Mr Samadian was a self employed consultant geriatrician. He worked from home but also worked at various NHS and private hospitals. His work at the NHS hospitals was pursuant to his employment with the NHS but his work at home and at the private hospitals was pursuant to his self employed activity.
It may reasonably be expected from a consideration of the earlier cases that travelling from home to an NHS hospital would not be allowable. On the other hand, despite Sargent v Barnes, there would be a reasonable case for a deduction to be allowed for travelling between his home base and the private hospitals or indeed between the private hospitals. However, it was the cost of travel between home and the private hospitals which was the problem.

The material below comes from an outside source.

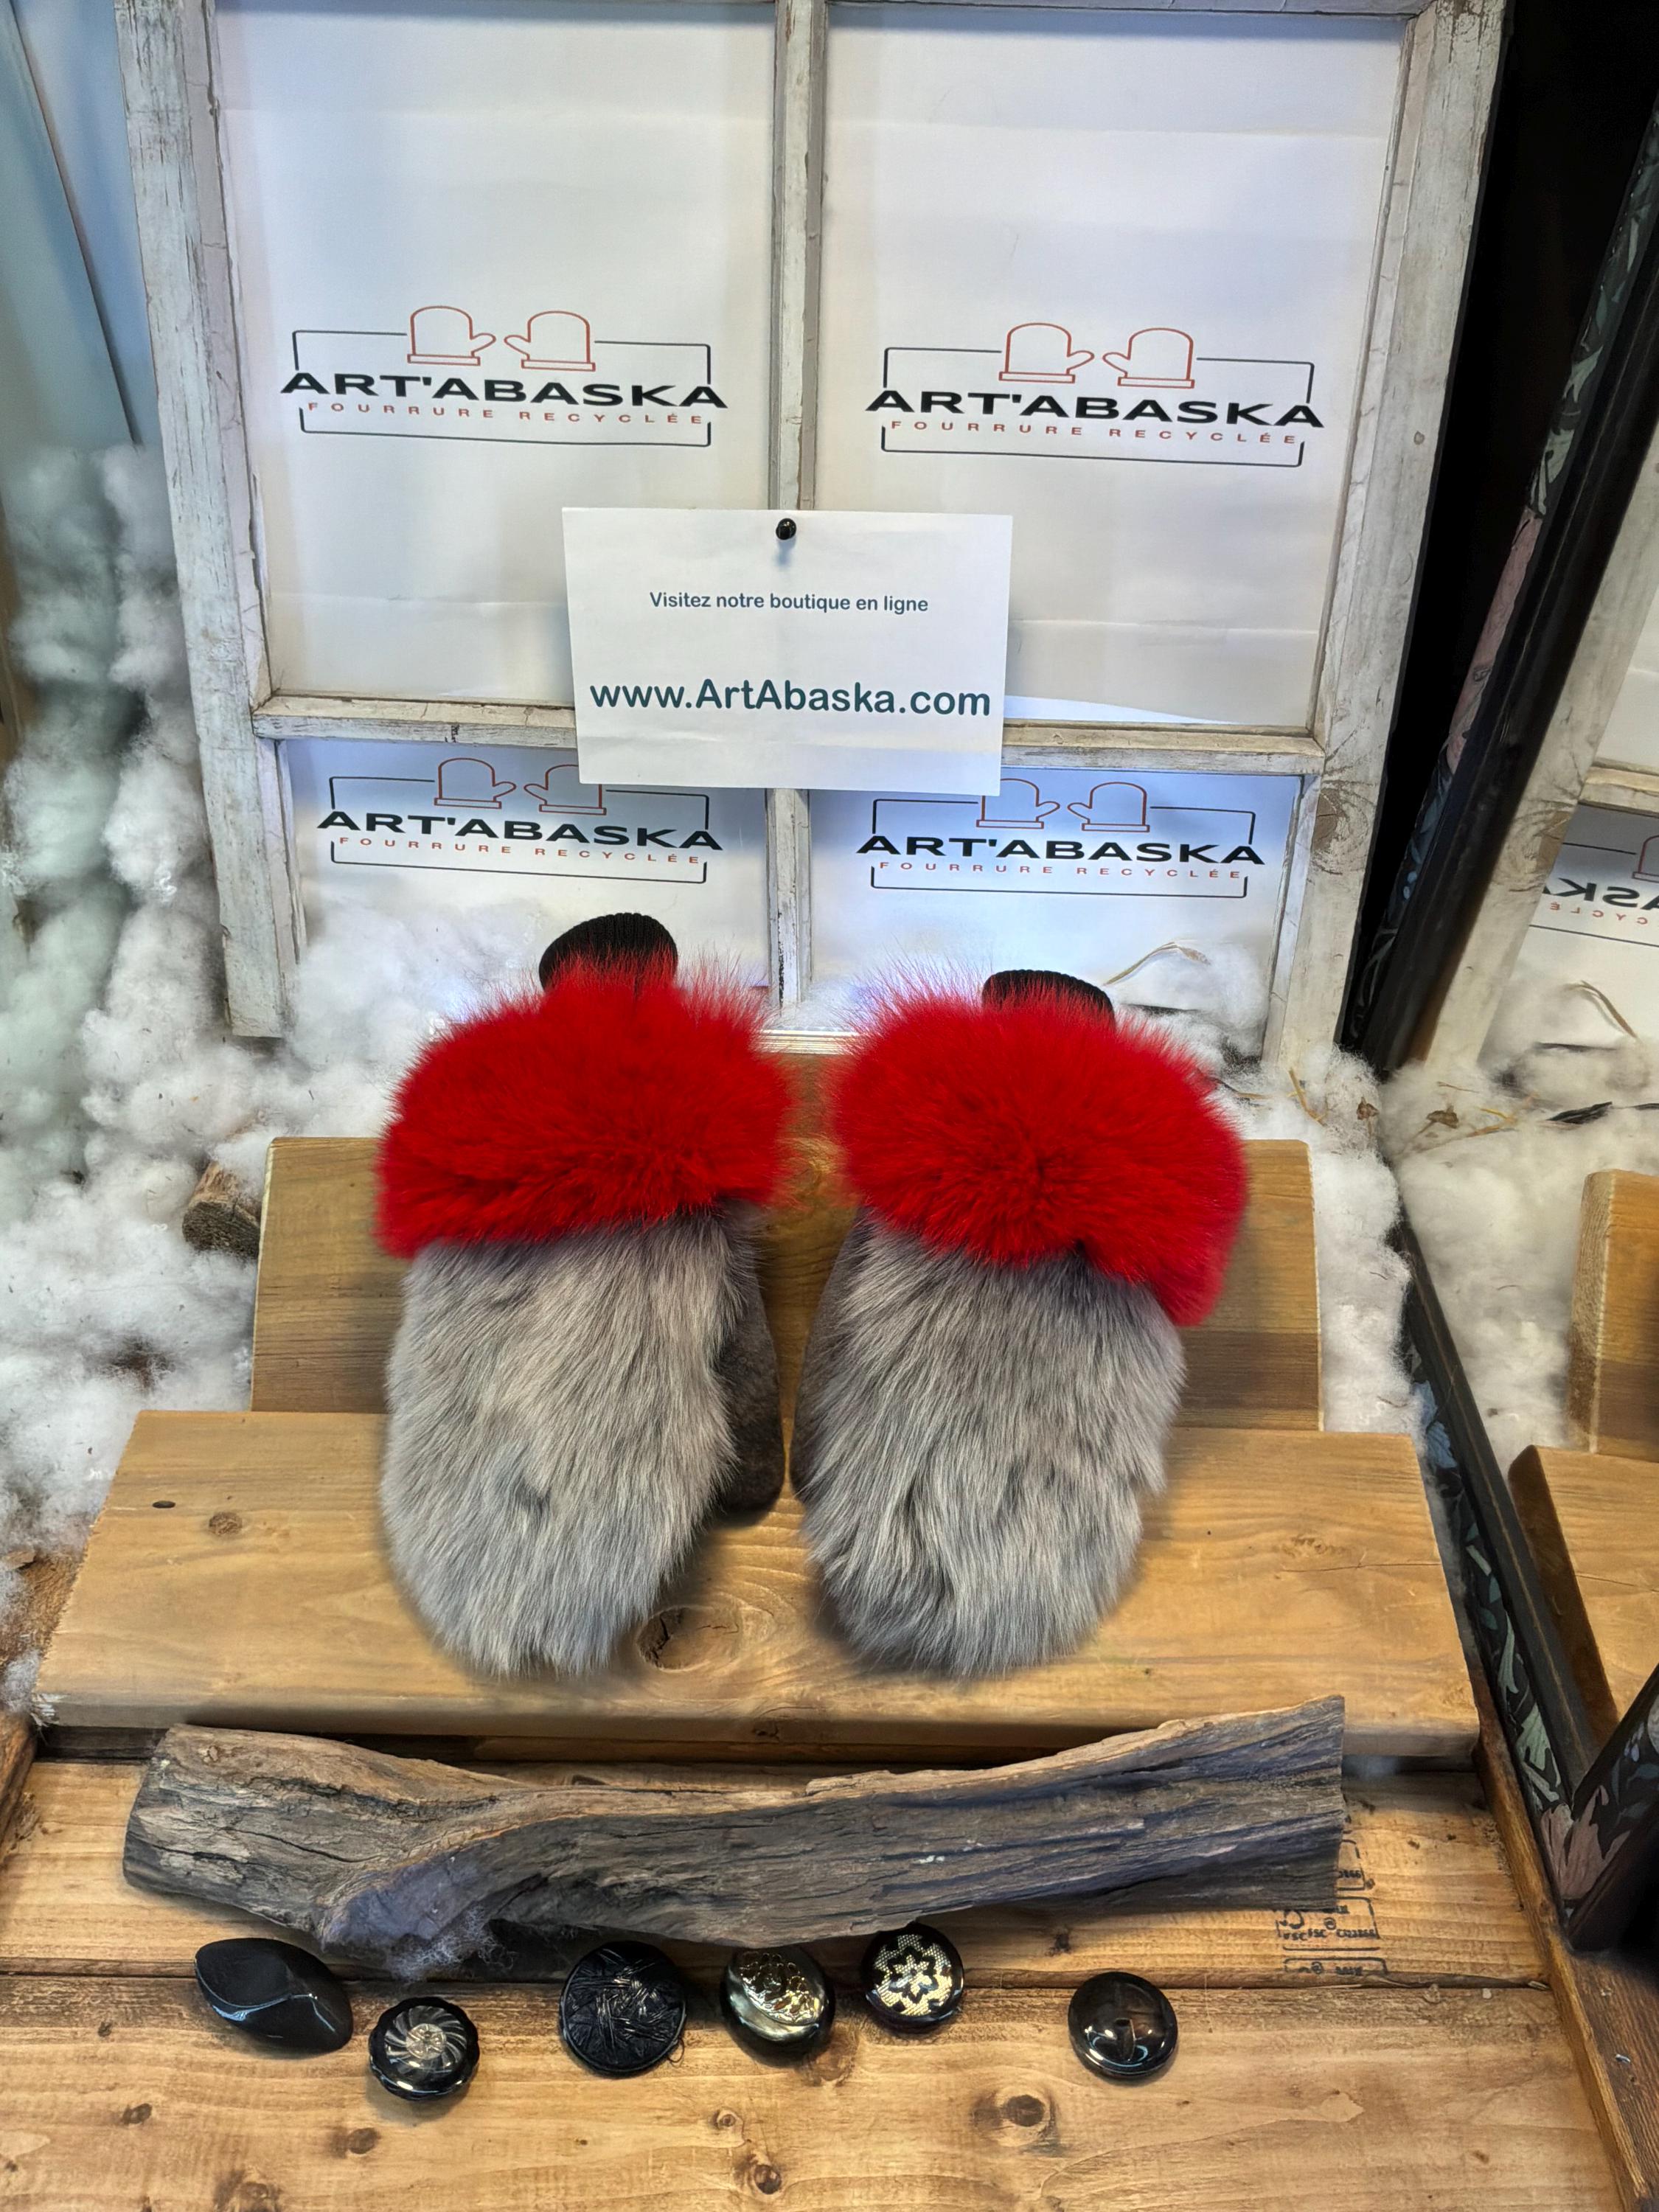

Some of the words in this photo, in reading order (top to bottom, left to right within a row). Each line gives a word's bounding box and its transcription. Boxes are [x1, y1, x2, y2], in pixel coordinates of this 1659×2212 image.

The Tribunal accepted that Mr Samadian had a place of business at home. He also had places of business at the private hospitals. One might therefore have thought that the cost of travelling between two places of business ought to be allowable. However the Tribunal said that was not enough. They said that the test for deductibility established by Mallalieu v Drummond in 1983 applied because although Miss Mallalieu did not have any conscious non business motive for incurring the expenditure, she must necessarily have had a non business motive in her mind as well. One has to look behind the conscious motive of the taxpayer to see whether an unconscious object should also be inferred.
In this case, the Tribunal decided that Mr Samadian had a mixed object in his general pattern of travelling between his home and his places of business at the private hospitals:
"Part of his object in making those journeys must inescapably in our view, be in order to maintain a private place of residence which is geographically separate from the two hospitals. It follows that even though we find he has a place of business also at his home, his travel between his home and these two locations cannot be deductible on the basis of the reasoning in Mallalieu".
It seems really harsh to have a tax deduction denied by the thought police. The reason Mr Samadian Incurred expenditure from travelling from one base to another was exclusively for the purposes of his profession. The fact that he had his home at one of his business bases was simply the starting point for his journey. It is equally possible to say that travelling from one of the private hospitals to another was equally disallowable because there is an element of personal choice whether he made that journey at all. He was self employed and the master of his own destiny - he could have gone fishing. Again, the argument is the same whether he purchased a Dell computer or an Apple computer. This would be a matter of personal choice and therefore the difference in cost would be disallowable.
As the Tribunal was relying so firmly on Mallalieu v Drummond to deny this expenditure, they might have had regard to the following passage in the House of Lords judgment in Mallalieu v Drummond:
"Expenditure may be made exclusively to serve the purposes of the business but it may have a private advantage. The existence of that private advantage does not necessarily preclude the exclusivity of the business purposes. For example, a medical consultant has a friend in the South of France who is also his patient. He flies to the South of France for a week, staying in the home of his friend and attending professionally upon him. He seeks to recover the cost of his air fare. The question of fact will be whether the journey was undertaken solely to serve the purposes of the medical practice. This will be judged in the light of the taxpayer's object in making the journey. The question will be answered by considering whether the stay In the South of France was a reason, however subordinate, for undertaking the journey, or was not a reason but only the effect. If a week's stay on the Riviera was not an object of the consultant, if the consultant's only object was to attend upon his patient, his stay on the Riviera was an unavoidable effect of his expenditure on the journey and the expenditure lies outside the prohibition [for deduction]."